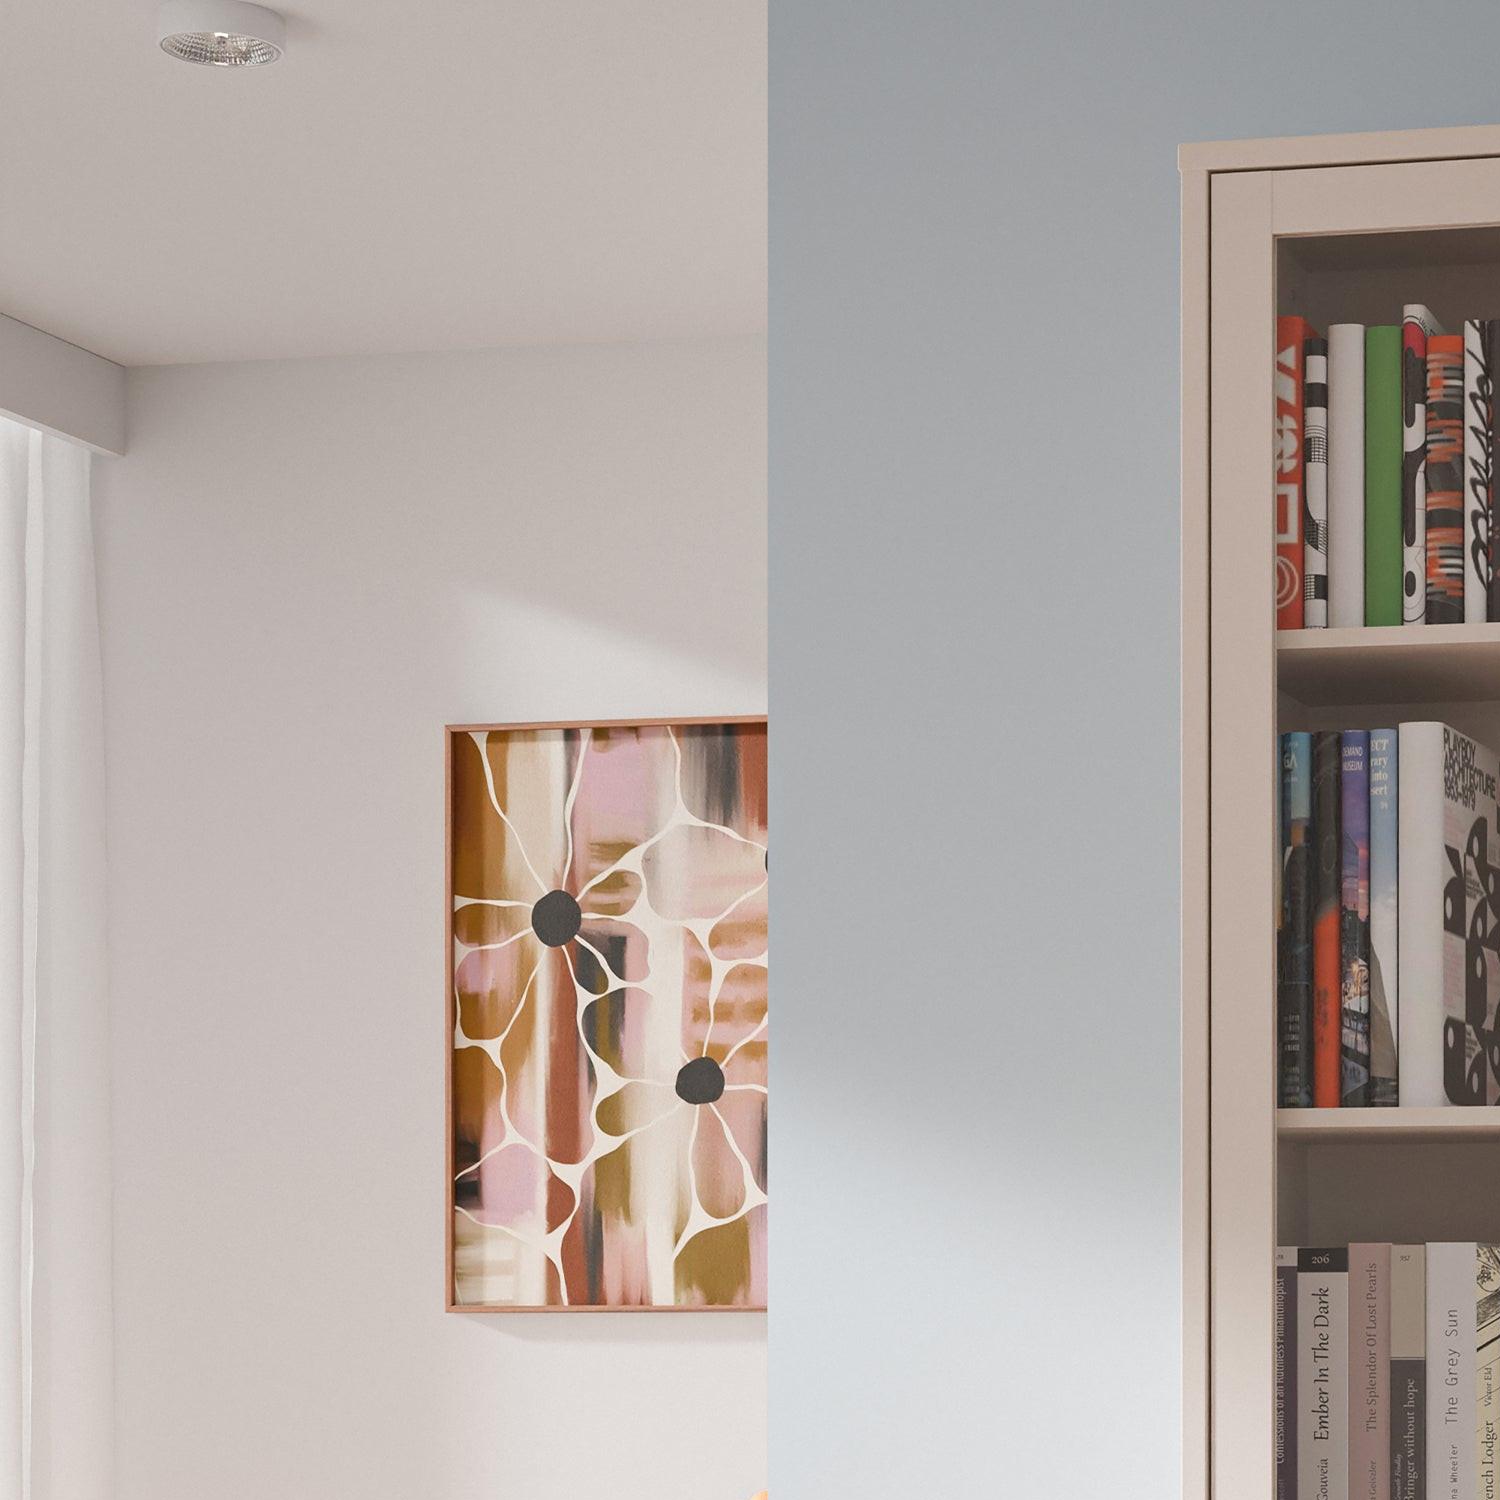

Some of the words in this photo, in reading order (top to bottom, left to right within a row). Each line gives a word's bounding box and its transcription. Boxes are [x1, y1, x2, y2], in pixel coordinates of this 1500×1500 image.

[1311, 1253, 1330, 1264] 206
[1366, 1263, 1376, 1300] Pearls
[1312, 1288, 1329, 1328] Dark
[1366, 1304, 1376, 1329] Lost
[1445, 1310, 1458, 1336] Sun
[1312, 1333, 1329, 1363] The
[1366, 1332, 1376, 1347] Of
[1314, 1367, 1328, 1383] In
[1366, 1350, 1379, 1405] Splendor
[1445, 1349, 1460, 1386] Grey
[1403, 1379, 1418, 1407] hope
[1312, 1388, 1329, 1440] Ember
[1366, 1409, 1376, 1432] The
[1445, 1397, 1458, 1424] The
[1403, 1412, 1415, 1457] without
[1481, 1421, 1497, 1464] Lodger

◇ ◇ ◇

▶ _WHAT IS EXPECTED_: I would like the data copied exactly as it stands, with no pictures included.

▶ _SOLVED EXERCISE_:
Some of the words in this photo, in reading order (top to bottom, left to right within a row). Each line gives a word's bounding box and its transcription. Boxes are [x1, y1, x2, y2], in pixel coordinates of this 1500×1500 image.

[1311, 1253, 1330, 1264] 206
[1366, 1263, 1376, 1300] Pearls
[1312, 1288, 1329, 1328] Dark
[1366, 1304, 1376, 1329] Lost
[1445, 1310, 1458, 1336] Sun
[1312, 1333, 1329, 1363] The
[1366, 1332, 1376, 1347] Of
[1314, 1367, 1328, 1383] In
[1366, 1350, 1379, 1405] Splendor
[1445, 1349, 1460, 1386] Grey
[1403, 1379, 1418, 1407] hope
[1312, 1388, 1329, 1440] Ember
[1366, 1409, 1376, 1432] The
[1445, 1397, 1458, 1424] The
[1403, 1412, 1415, 1457] without
[1481, 1421, 1497, 1464] Lodger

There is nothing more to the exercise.